Rechtsanwalt, Legal Director
Out-Law Analysis | 09 May 2022 | 11:31 am | 3 min. read
In recent months there have been a number of significant updates to Irish corporate law.
The reforms - which cover everything from company filing rules, the continuing fallout caused by the Covid-19 pandemic and white-collar crime - have introduced a new regime for the investigation and enforcement of corporate offences in Ireland and some welcome clarifications to Irish company law.
But the changes also have the potential to cause some logistical headaches for directors and their advisers and require close attention.
The 2021 Companies (Corporate Enforcement Authority) Act, which came into force earlier this year, has dramatically changed the landscape of company law enforcement and corporate offences in Ireland.
The main focus of the Act was to transform the Office of the Director of Corporate Enforcement (ODCE) into a statutory and independent agency called the Corporate Enforcement Authority (CEA). The CEA will be given additional resources to investigate and prosecute white collar crime and will be better placed to deal with larger and more complex investigations.
The authority is a standalone body with a commission structure and can have up to three full time commissioners, one of whom will be designated as its chair. The CEA can also appoint its own staff and appoint up to 16 members of An Garda Siochana on secondment.
The Act also gives the new authority additional resources compared to those provided to the ODCE. New powers and other enhancements will be kept under review.
Another change introduced by the 2021 Companies (Corporate Enforcement Authority) Act will change rules on company filings. The change, expected to come into force in November this year, will mean directors will have to include an Irish Personal Public Service (PPS) number with their filings in the Companies Registration Office. This information will have to be included in new incorporation forms, annual return forms and change in director forms after the rules commence.
If a non-Irish tax resident director does not have a PPS number, they will need to apply for a Companies Registration Office number instead to allow filings to be made. The exact procedure for company filing is still to be finalised but could involve directors swearing a ‘declaration of identity’ which, if made outside of Ireland, will have to be done in the presence of a notary public.

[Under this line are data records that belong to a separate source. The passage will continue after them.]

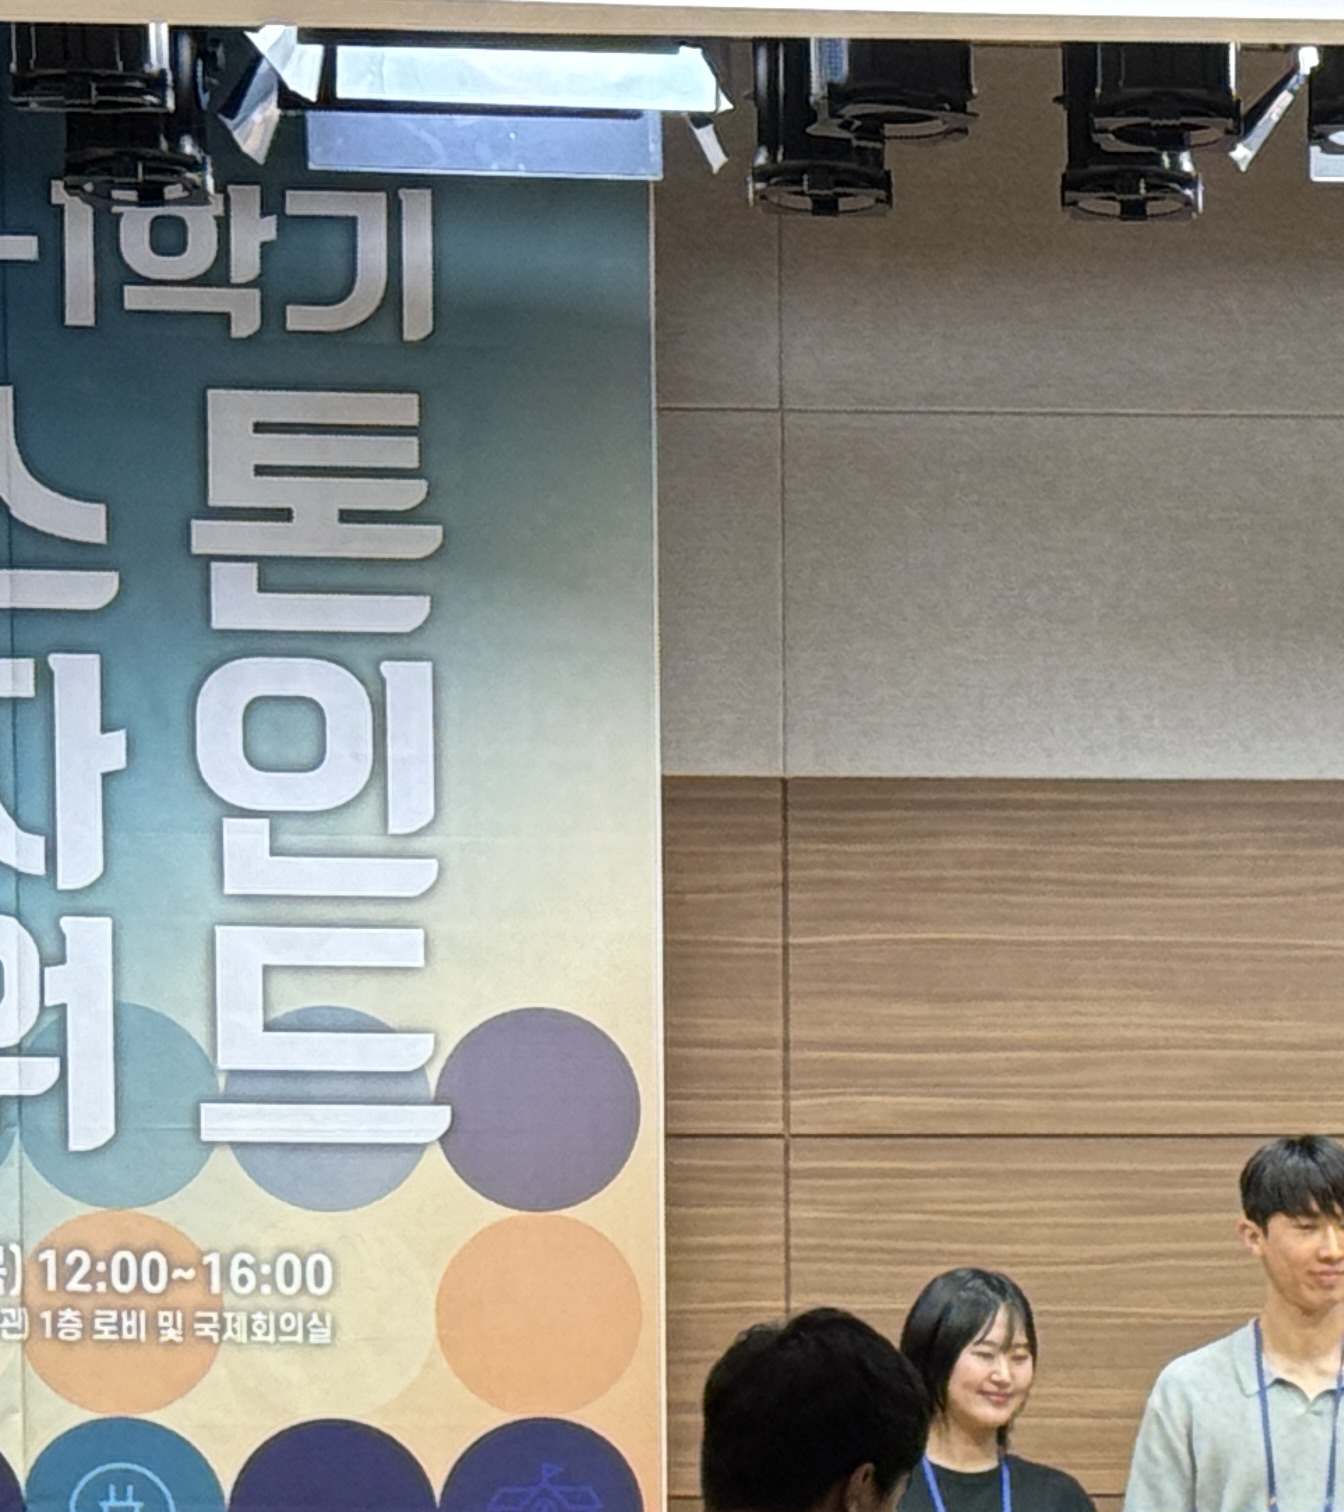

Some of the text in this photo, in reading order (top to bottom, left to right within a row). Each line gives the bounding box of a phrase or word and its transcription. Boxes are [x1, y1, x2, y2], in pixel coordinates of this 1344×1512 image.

[38, 1249, 333, 1296] 12:00~16:00
[39, 1308, 83, 1342] 1층
[93, 1309, 146, 1342] 로비
[157, 1310, 184, 1343] 및
[193, 1310, 332, 1345] 국제회의실

The 2021 Act also includes some technical changes to the 2014 Companies Act, after the Irish Company Law Review Group, the Business Law Committee of the Law Society of Ireland (of which I am a member) and others identified several areas of law that required clarification.
For example, the new Act makes clear that a company may transfer its undertaking to another company in consideration for the issuance of shares to the shareholders of the transferring company. The only stipulation is that the transferring company has distributable reserves that are at least equal to the value of the undertaking that is being transferred.

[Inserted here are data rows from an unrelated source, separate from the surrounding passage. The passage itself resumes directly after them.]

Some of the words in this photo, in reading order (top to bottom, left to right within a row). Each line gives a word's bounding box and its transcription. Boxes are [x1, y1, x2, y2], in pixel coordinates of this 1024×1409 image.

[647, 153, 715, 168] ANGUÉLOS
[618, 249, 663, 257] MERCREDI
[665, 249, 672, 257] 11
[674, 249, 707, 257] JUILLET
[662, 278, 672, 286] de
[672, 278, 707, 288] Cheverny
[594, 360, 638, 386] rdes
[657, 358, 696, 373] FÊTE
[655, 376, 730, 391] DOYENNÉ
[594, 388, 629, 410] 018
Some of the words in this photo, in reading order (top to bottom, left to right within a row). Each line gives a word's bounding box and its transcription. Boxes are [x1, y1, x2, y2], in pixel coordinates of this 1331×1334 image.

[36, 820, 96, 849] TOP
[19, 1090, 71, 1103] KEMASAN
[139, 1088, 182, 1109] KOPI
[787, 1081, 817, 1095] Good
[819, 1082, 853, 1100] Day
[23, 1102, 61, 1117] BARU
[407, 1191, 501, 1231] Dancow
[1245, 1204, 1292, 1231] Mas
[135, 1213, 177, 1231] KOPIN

The update clarifies that a reduction of capital which is made in compliance with the 2014 Act is not considered a distribution under the Act requiring the normal rules on distributions to be followed. The 2021 Act also sets out how an unlimited company can acquire its own shares without the need for distributable reserves.
If a company acquires its own shares through a statutory merger or division, such shares can be treated as treasury shares and may be cancelled or re-issued, according to the new legislation. Some clarity has been also provided on the circumstances in which a company’s share premium account can be used.

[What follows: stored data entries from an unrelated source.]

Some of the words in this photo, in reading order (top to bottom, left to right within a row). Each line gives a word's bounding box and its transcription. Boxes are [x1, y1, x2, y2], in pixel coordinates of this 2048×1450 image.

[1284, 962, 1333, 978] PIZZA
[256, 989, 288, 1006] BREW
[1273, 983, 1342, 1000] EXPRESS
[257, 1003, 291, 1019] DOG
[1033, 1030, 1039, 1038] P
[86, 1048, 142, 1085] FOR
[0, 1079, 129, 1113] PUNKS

Further clarification is expected on a number of other issues related to the 2014 Act in future legislation.
Temporary measures to address issues arising from the pandemic were first introduced by the 2020 Companies (Miscellaneous Provisions) (Covid 19) Act. While the measures were due to expire at the end of April 2022, they have now been extended to the end of the calendar year.
The temporary measures include rules governing how to hold fully virtual annual general meetings and extraordinary general meetings, and legislation to allow more flexibility over how Irish companies execute deeds under the common seal in allowing the directors or company secretary who sign and countersign the affixing of the seal to sign in separate counterparts. This measure also facilitates the use of electronic signatures.
Companies in financial difficulty are helped by the increase in the threshold at which a company is unable to pay its debts, and therefore deemed insolvent, from €10,000 to €50,000. The period of examinership to allow a company protection from its creditors to restructure has been extended to 150 days rather than the maximum period of 100 days which usually applies.
Future legislation is expected to put some of these measures on a permanent basis.